- WHAT YOU NEED TO DO -
Omit the images. Reproduce each line of the records exactly as it appears.

- DATA PROVIDED -
____
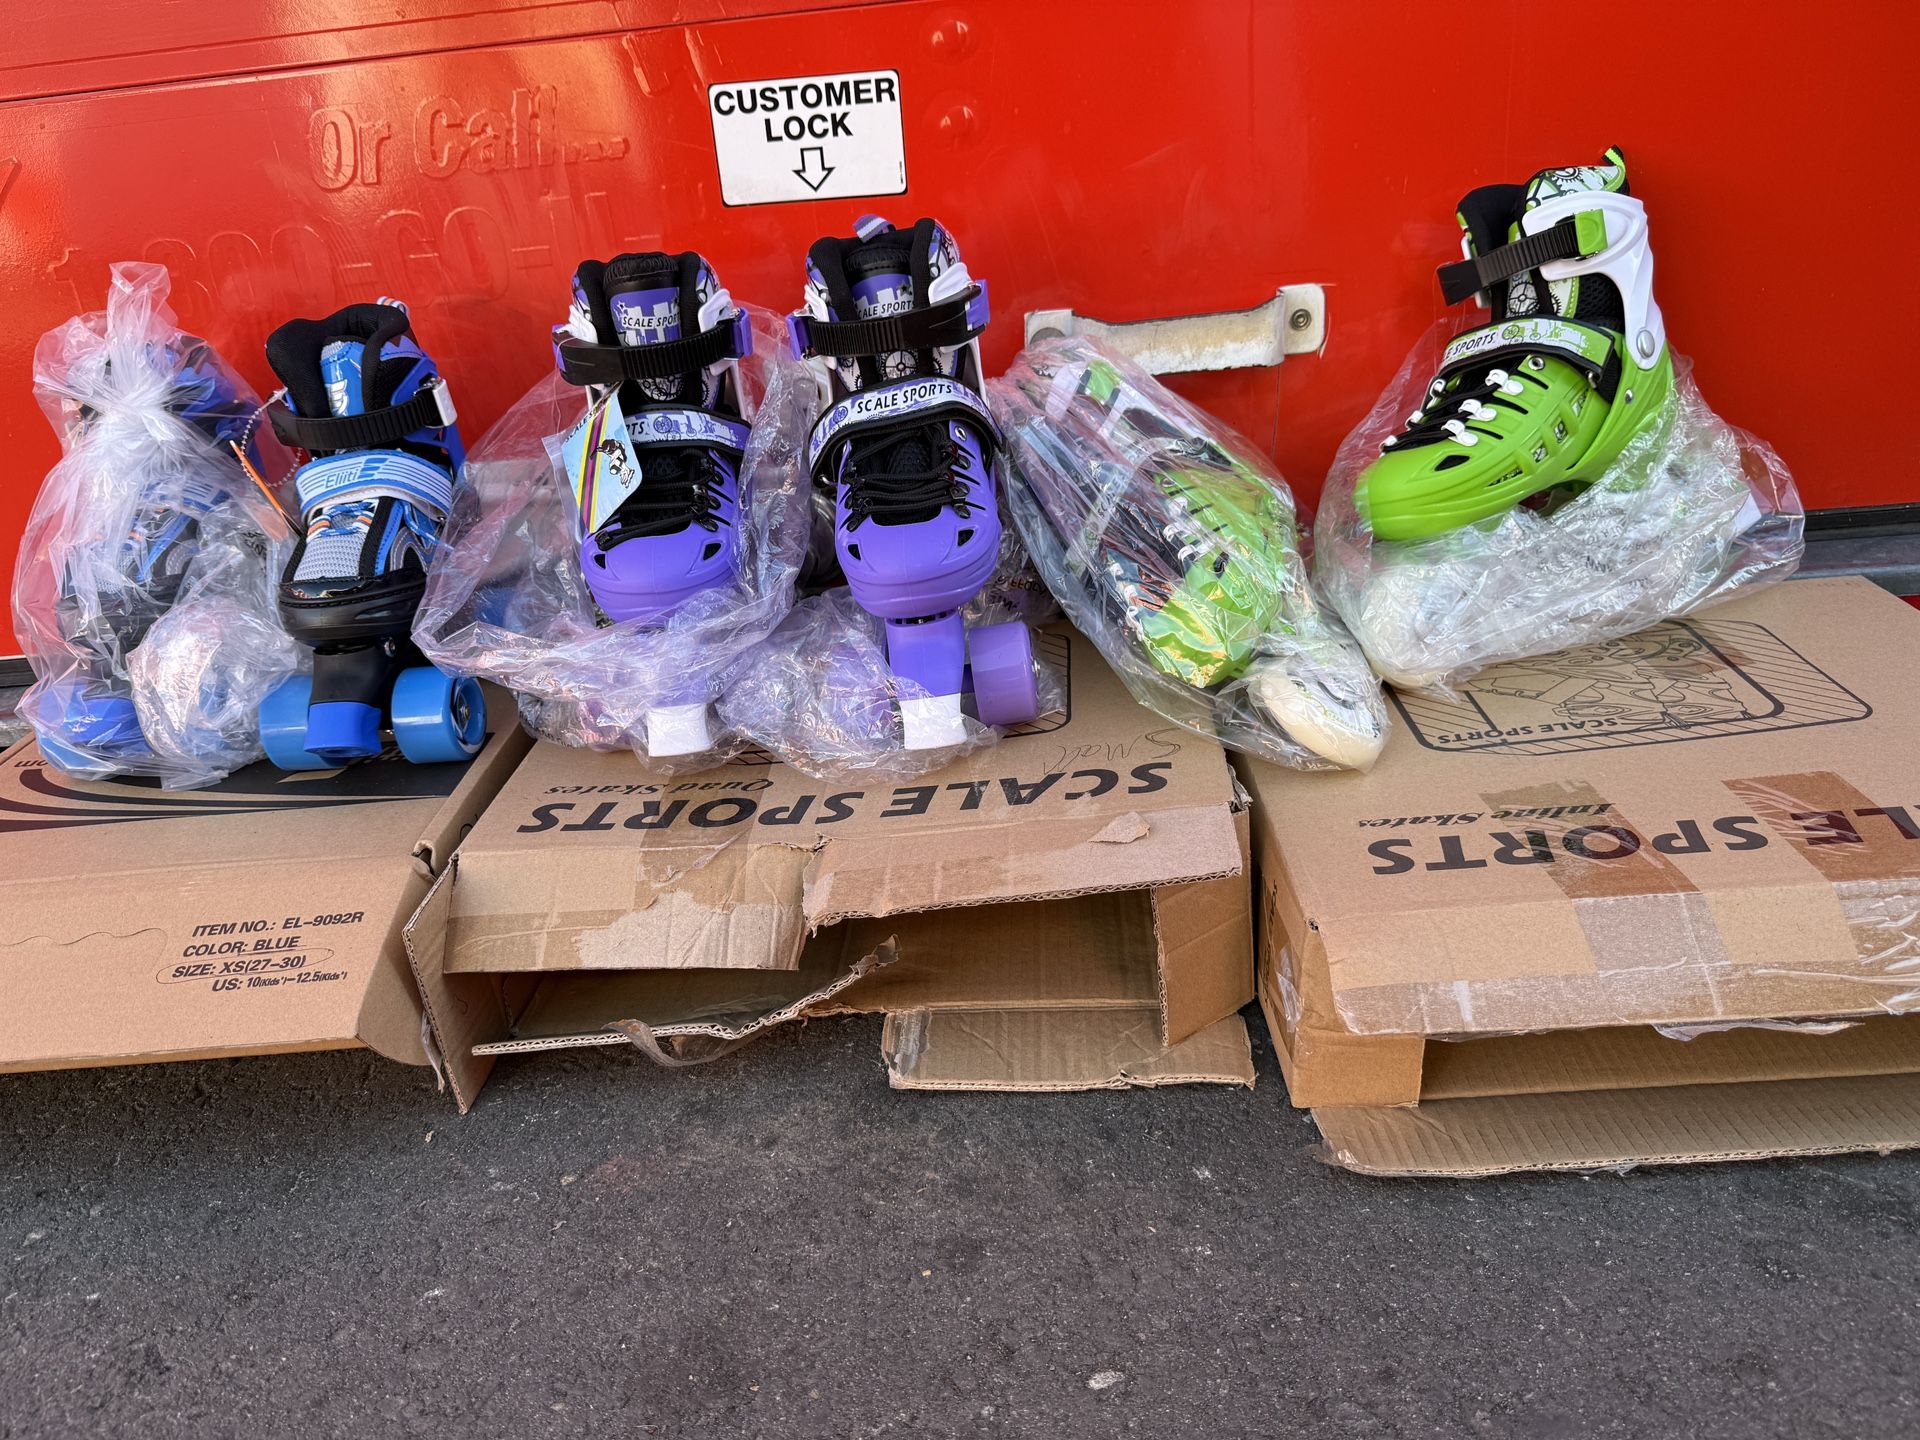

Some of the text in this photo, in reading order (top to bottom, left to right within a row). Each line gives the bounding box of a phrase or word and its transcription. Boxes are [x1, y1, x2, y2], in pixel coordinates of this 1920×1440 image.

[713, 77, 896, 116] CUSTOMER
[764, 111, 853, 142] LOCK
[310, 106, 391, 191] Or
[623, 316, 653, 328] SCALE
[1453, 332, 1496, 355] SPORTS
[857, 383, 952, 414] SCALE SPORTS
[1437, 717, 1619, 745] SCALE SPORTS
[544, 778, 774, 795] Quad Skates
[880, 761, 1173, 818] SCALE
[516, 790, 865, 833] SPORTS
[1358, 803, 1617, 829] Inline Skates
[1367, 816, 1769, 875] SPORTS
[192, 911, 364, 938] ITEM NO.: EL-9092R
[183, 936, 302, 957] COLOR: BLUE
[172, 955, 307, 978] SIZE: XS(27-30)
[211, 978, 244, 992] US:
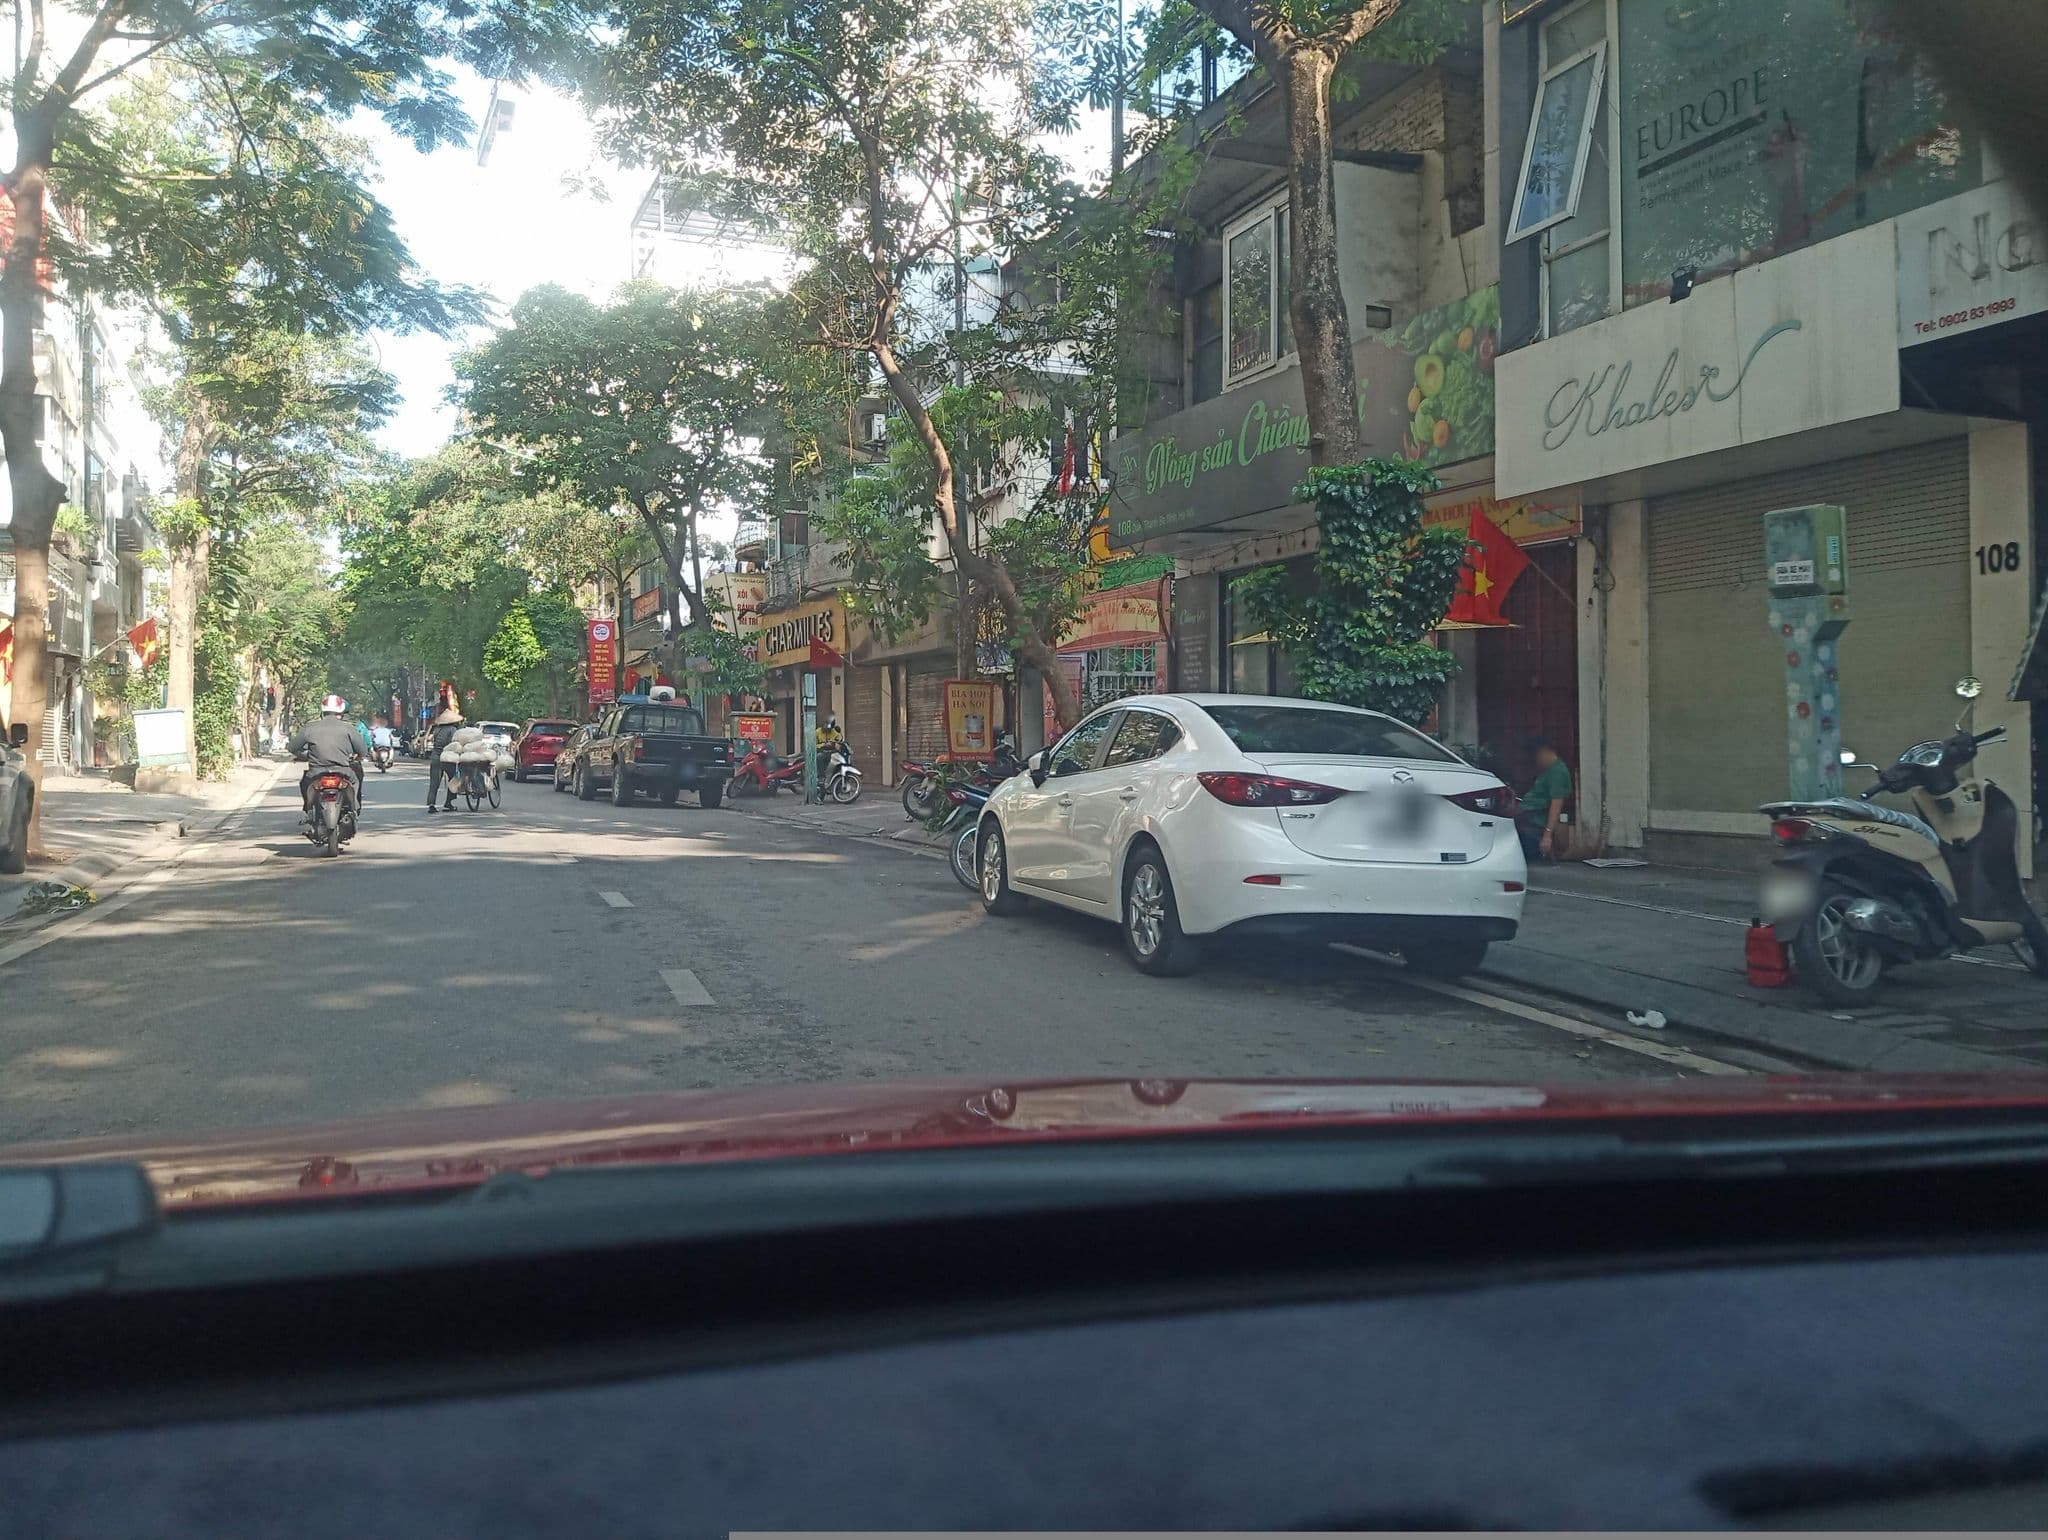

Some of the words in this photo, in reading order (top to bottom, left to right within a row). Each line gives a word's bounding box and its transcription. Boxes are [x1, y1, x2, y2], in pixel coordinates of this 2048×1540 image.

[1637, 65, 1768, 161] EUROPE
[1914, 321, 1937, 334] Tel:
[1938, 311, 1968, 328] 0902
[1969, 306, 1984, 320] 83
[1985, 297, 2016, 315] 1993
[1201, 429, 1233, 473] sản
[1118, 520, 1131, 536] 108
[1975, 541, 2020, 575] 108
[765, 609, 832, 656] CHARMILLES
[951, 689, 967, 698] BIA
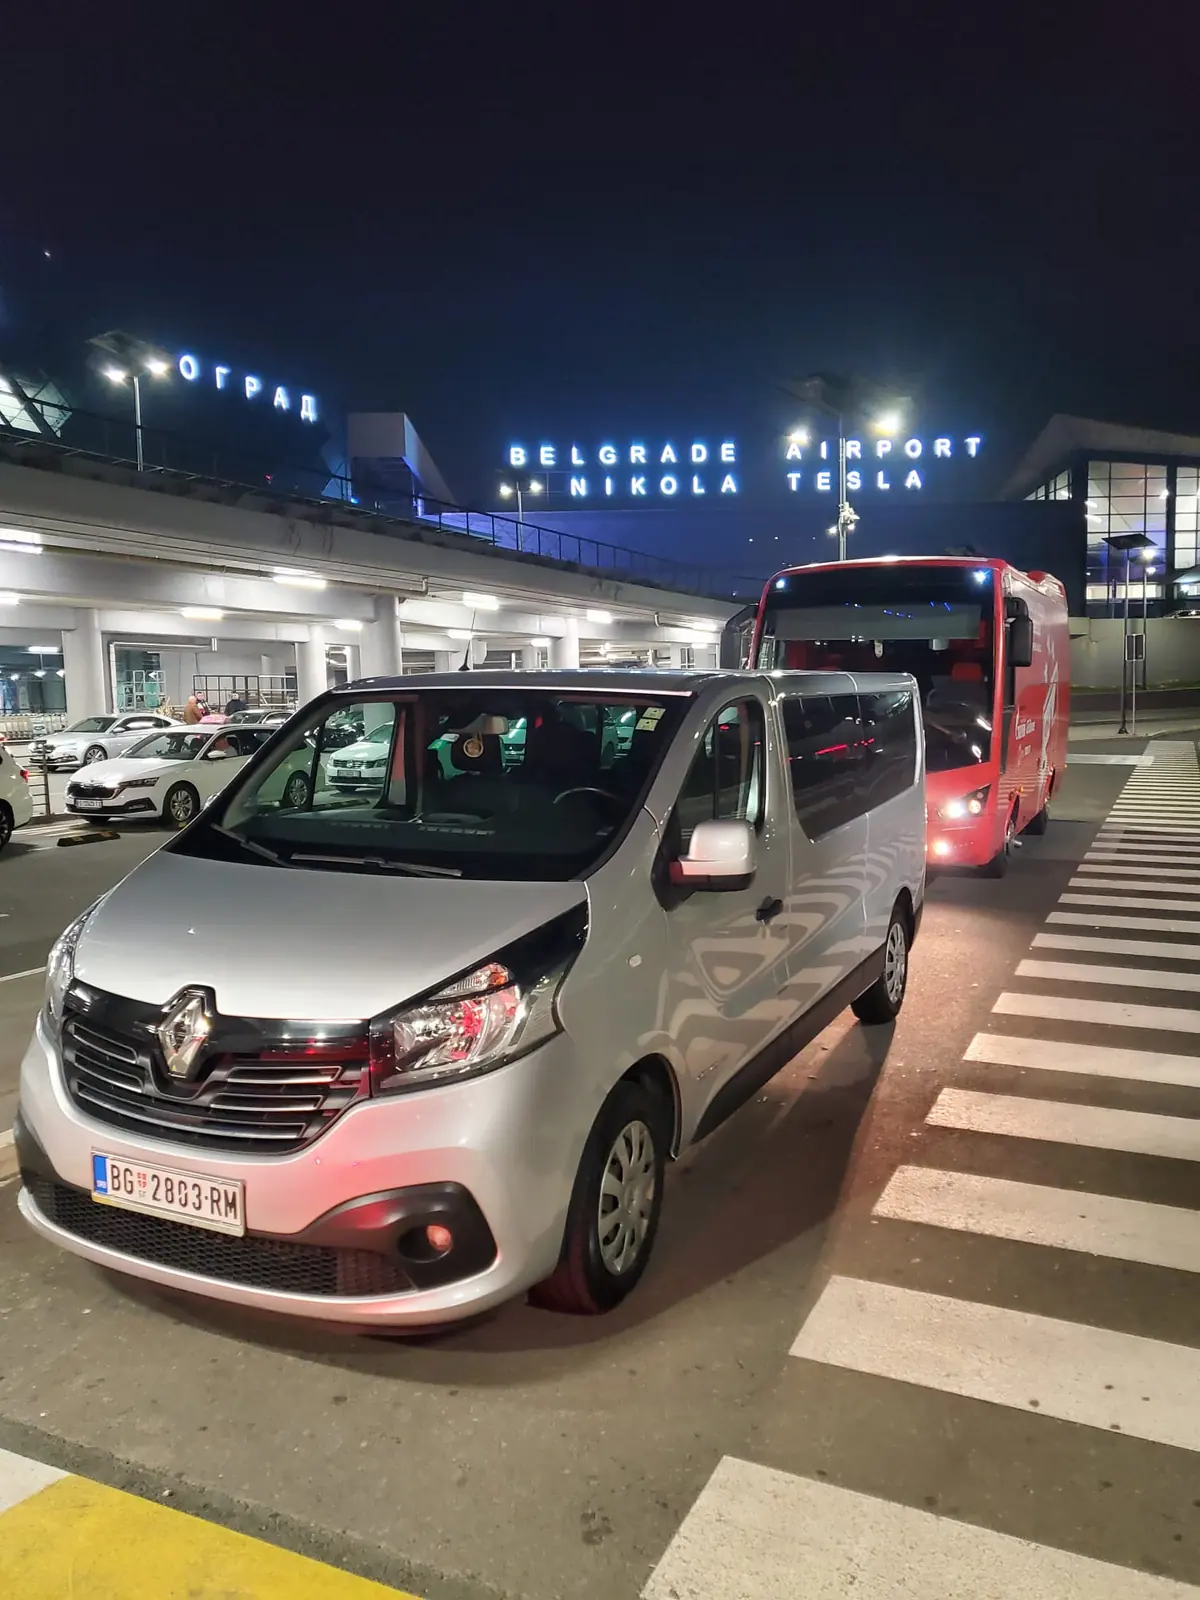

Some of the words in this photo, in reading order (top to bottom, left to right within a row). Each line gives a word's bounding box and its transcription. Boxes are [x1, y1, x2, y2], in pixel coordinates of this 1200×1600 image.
____
- EXERCISE RESULT -
Some of the text in this photo, in reading order (top to bottom, left to right within a row). Each line gives the bounding box of a phrase or word and its transcription. Boxes are [x1, y1, x2, y2], in pixel coordinates of this 1920×1440 image.

[713, 77, 896, 116] CUSTOMER
[764, 111, 853, 142] LOCK
[310, 106, 391, 191] Or
[623, 316, 653, 328] SCALE
[1453, 332, 1496, 355] SPORTS
[857, 383, 952, 414] SCALE SPORTS
[1437, 717, 1619, 745] SCALE SPORTS
[544, 778, 774, 795] Quad Skates
[880, 761, 1173, 818] SCALE
[516, 790, 865, 833] SPORTS
[1358, 803, 1617, 829] Inline Skates
[1367, 816, 1769, 875] SPORTS
[192, 911, 364, 938] ITEM NO.: EL-9092R
[183, 936, 302, 957] COLOR: BLUE
[172, 955, 307, 978] SIZE: XS(27-30)
[211, 978, 244, 992] US:

Some of the words in this photo, in reading order (top to bottom, left to right within a row). Each line gives a word's bounding box and its transcription. Boxes are [x1, y1, x2, y2], in pixel coordinates of this 2048×1540 image.

[1637, 65, 1768, 161] EUROPE
[1914, 321, 1937, 334] Tel:
[1938, 311, 1968, 328] 0902
[1969, 306, 1984, 320] 83
[1985, 297, 2016, 315] 1993
[1201, 429, 1233, 473] sản
[1118, 520, 1131, 536] 108
[1975, 541, 2020, 575] 108
[765, 609, 832, 656] CHARMILLES
[951, 689, 967, 698] BIA

Some of the words in this photo, in reading order (top to bottom, left to right within a row). Each line gives a word's bounding box and its transcription. Boxes are [x1, y1, x2, y2], in pixel coordinates of this 1200×1600 image.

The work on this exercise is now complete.